Cryptsetup 2.3.2-1 refuses to open a LUKS2 device with hmac(sha512) for integrity and the "allow-discards" flag set in the LUKS2 header with the error message "Discard/TRIM is not supported.", which breaks the boot process if that flag is set (which older versions allowed users to do). Cryptsetup 2.3.1-3 opens the very same devices without any complaint whatsoever - not even a warning is shown.

This is obviously an especially grave issue for people using full disk encryption on remote systems with cryptsetup unlock over SSH on reboot. Also, at least when using the "sd-encrypt" mkinitcpio hook, users won't even see cryptsetup's error message, making debugging the issue needlessly cumbersome.

The new behaviour is loosely documented in upstream's changelog [1], but since this can break the boot process for people, there should be a warning message displayed when the cryptsetup package is upgraded to the new version.

[1] https://mirrors.edge.kernel.org/pub/linux/utils/cryptsetup/v2.3/v2.3.2-ReleaseNotes
This task depends upon

Closed by  freswa (frederik)
Sunday, 13 September 2020, 15:20 GMT
Reason for closing:  Upstream
Additional comments about closing:  https://gitlab.com/cryptsetup/cryptsetup /-/issues/558
Comment by Pascal Ernster (hardfalcon) - Friday, 01 May 2020, 21:59 GMT
I've filed a bug about this with upstream, but IMHO there should still be a warning shown when upgrading to cryptsetup 2.3.2 until there's a fix from upstream.

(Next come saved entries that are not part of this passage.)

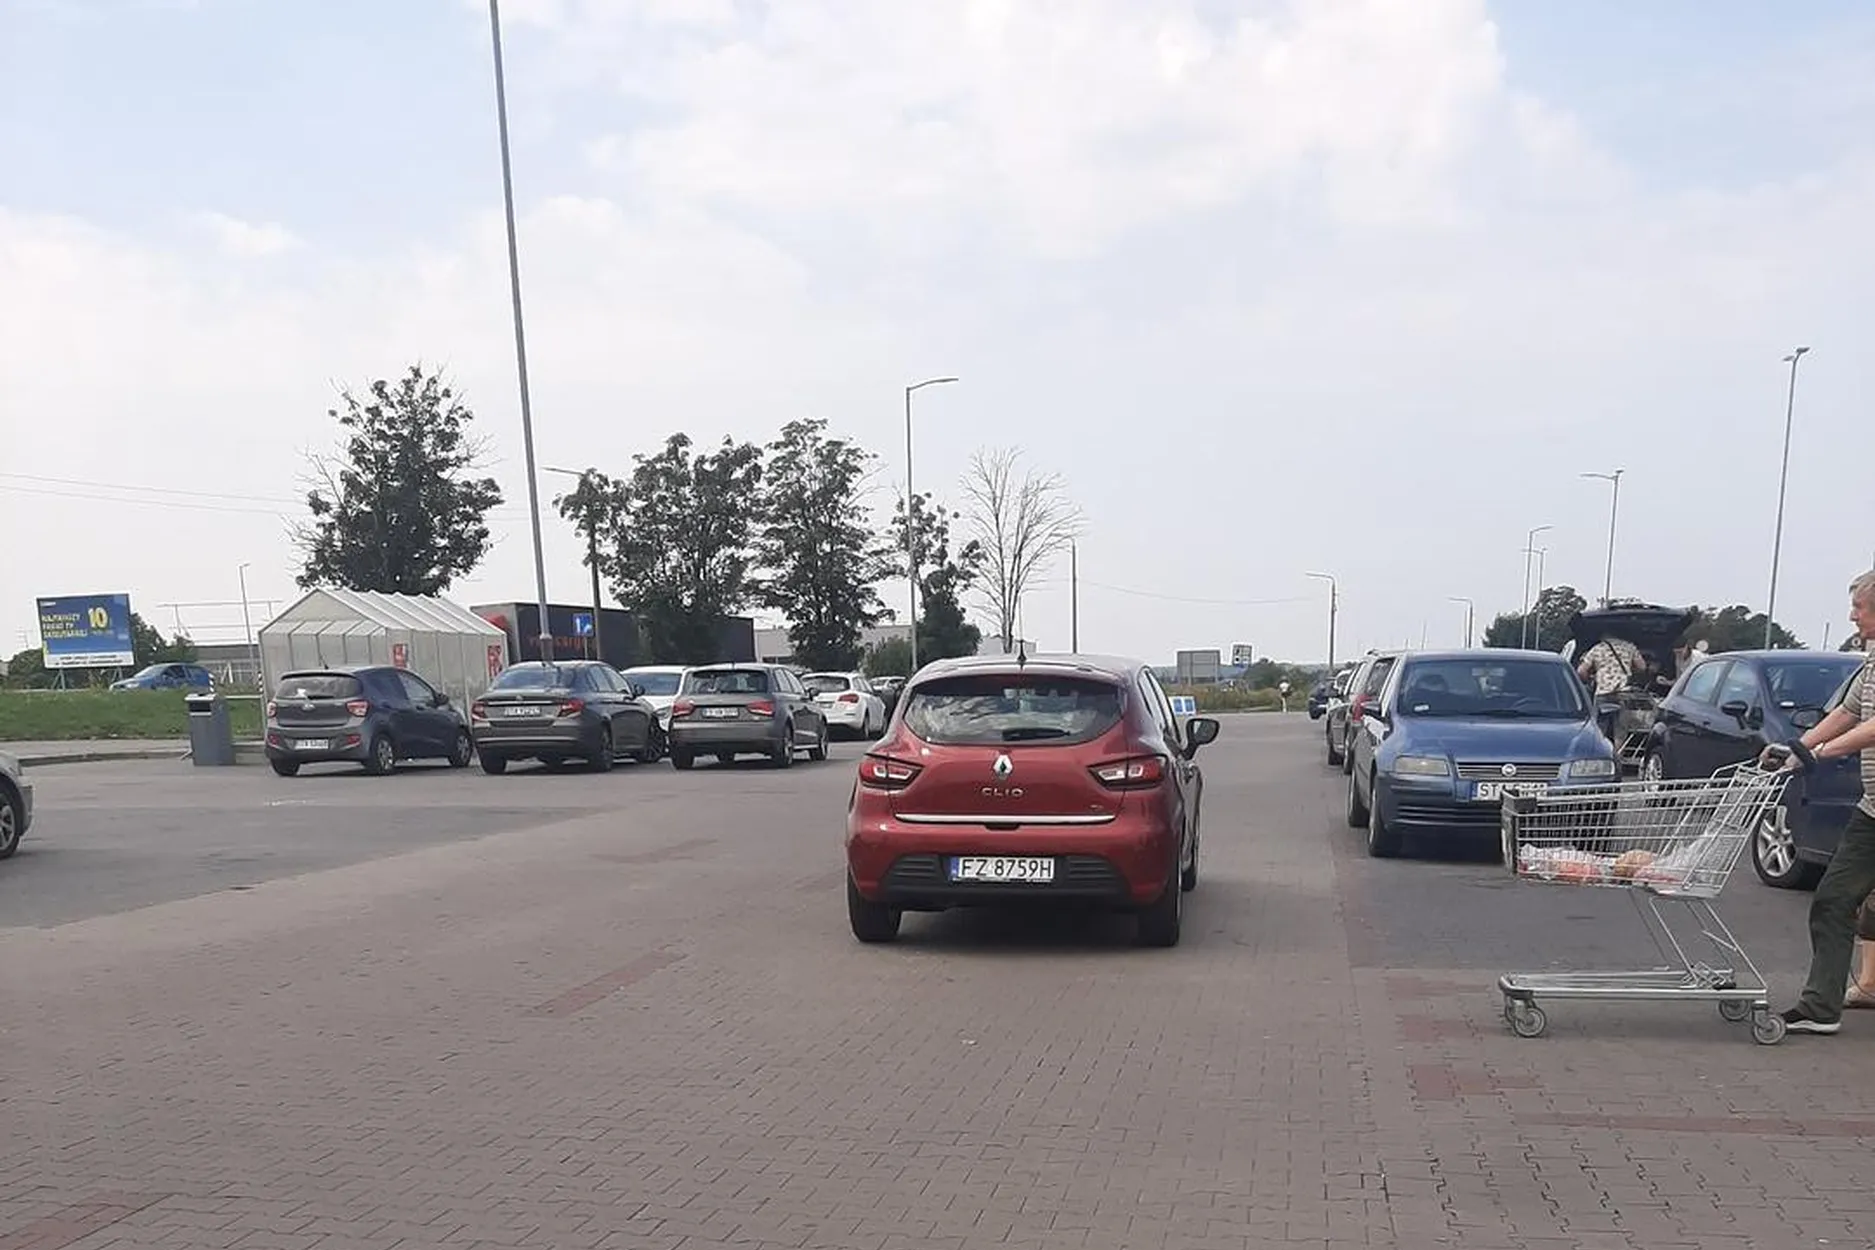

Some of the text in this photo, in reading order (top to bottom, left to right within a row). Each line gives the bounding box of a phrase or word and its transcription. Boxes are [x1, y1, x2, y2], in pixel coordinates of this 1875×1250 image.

[88, 607, 108, 628] 10
[982, 786, 1024, 797] CLIO
[962, 859, 1052, 878] FZ 8759H
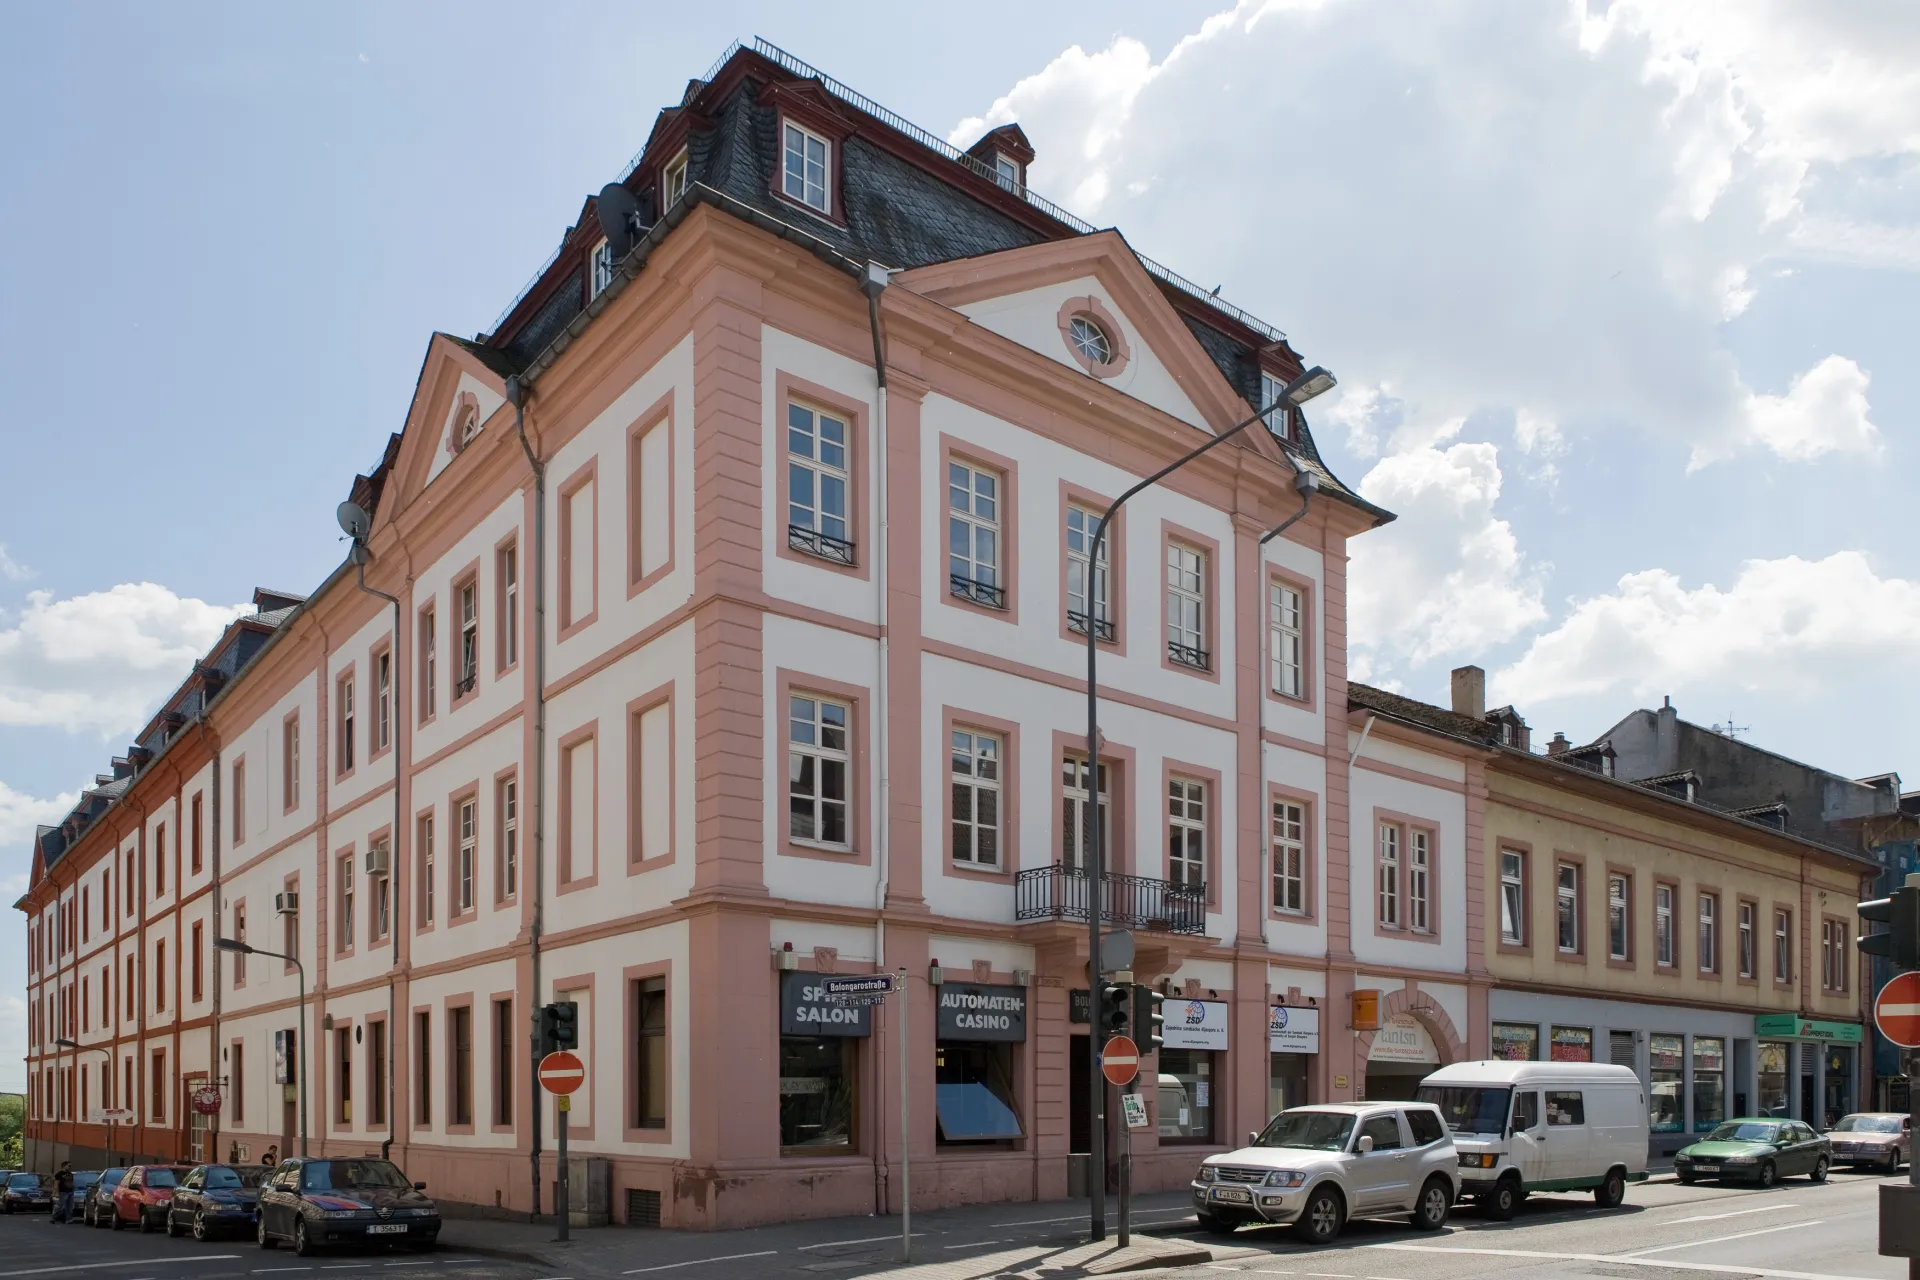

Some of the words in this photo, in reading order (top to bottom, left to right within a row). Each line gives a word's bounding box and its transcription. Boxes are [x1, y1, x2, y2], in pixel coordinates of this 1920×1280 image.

[830, 980, 886, 991] Bolongarostraße
[941, 993, 1024, 1011] AUTOMATEN-
[796, 1006, 859, 1024] SALON
[956, 1014, 1009, 1029] CASINO
[1186, 1016, 1200, 1024] ZSD
[1270, 1021, 1283, 1029] ZSD
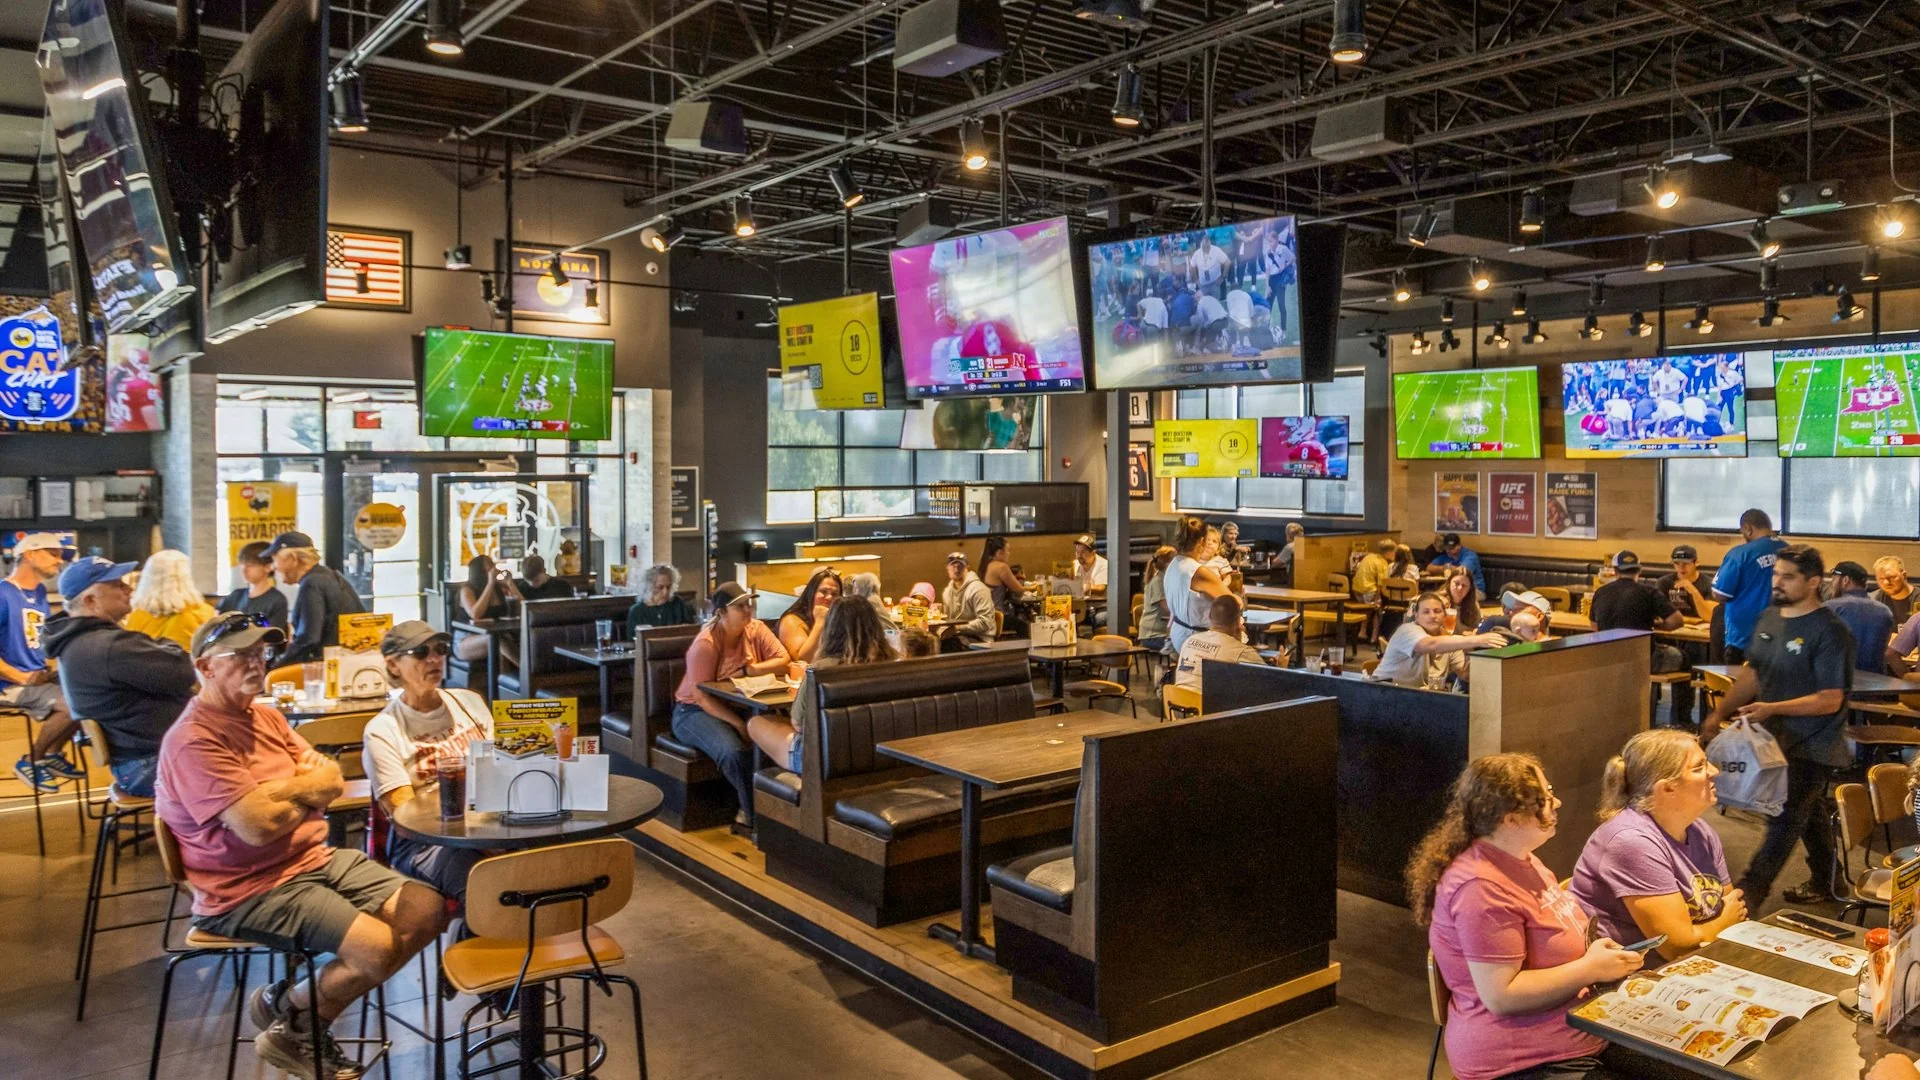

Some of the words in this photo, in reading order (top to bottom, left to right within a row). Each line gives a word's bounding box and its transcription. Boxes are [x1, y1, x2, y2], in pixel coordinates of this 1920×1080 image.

[850, 334, 860, 352] 10
[6, 370, 68, 388] CHAT
[1060, 379, 1072, 388] FS1
[1229, 439, 1238, 448] 10
[1444, 473, 1462, 482] HAPPY
[1500, 483, 1525, 494] UFC
[229, 522, 296, 540] REWARDS
[508, 706, 565, 714] THROWBACK
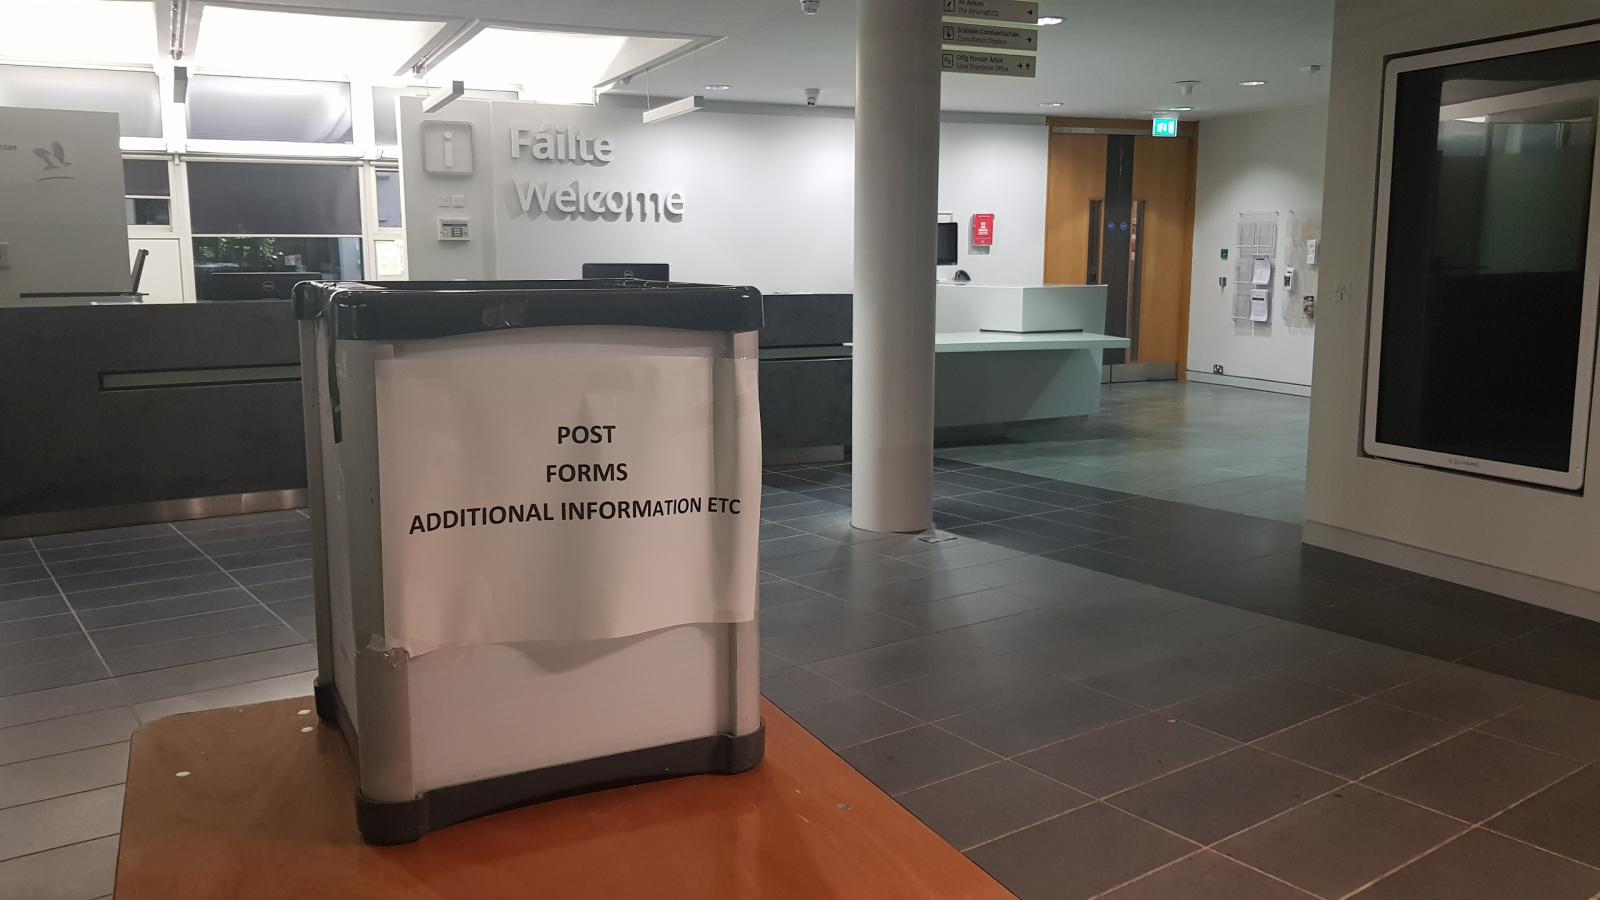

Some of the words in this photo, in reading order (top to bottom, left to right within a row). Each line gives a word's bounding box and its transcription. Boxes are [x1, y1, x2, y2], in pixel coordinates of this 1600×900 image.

Comment by loqs (loqs) - Friday, 01 May 2020, 22:15 GMT Comment by Pascal Ernster (hardfalcon) - Saturday, 02 May 2020, 10:31 GMT
loqs: Upstream have showed me a way to remove the flag again:

"cryptsetup refresh $luksname --persistent" works only with opened/unlocked LUKS devices though, so it required a temporary downgrade to cryptsetup 2.3.1.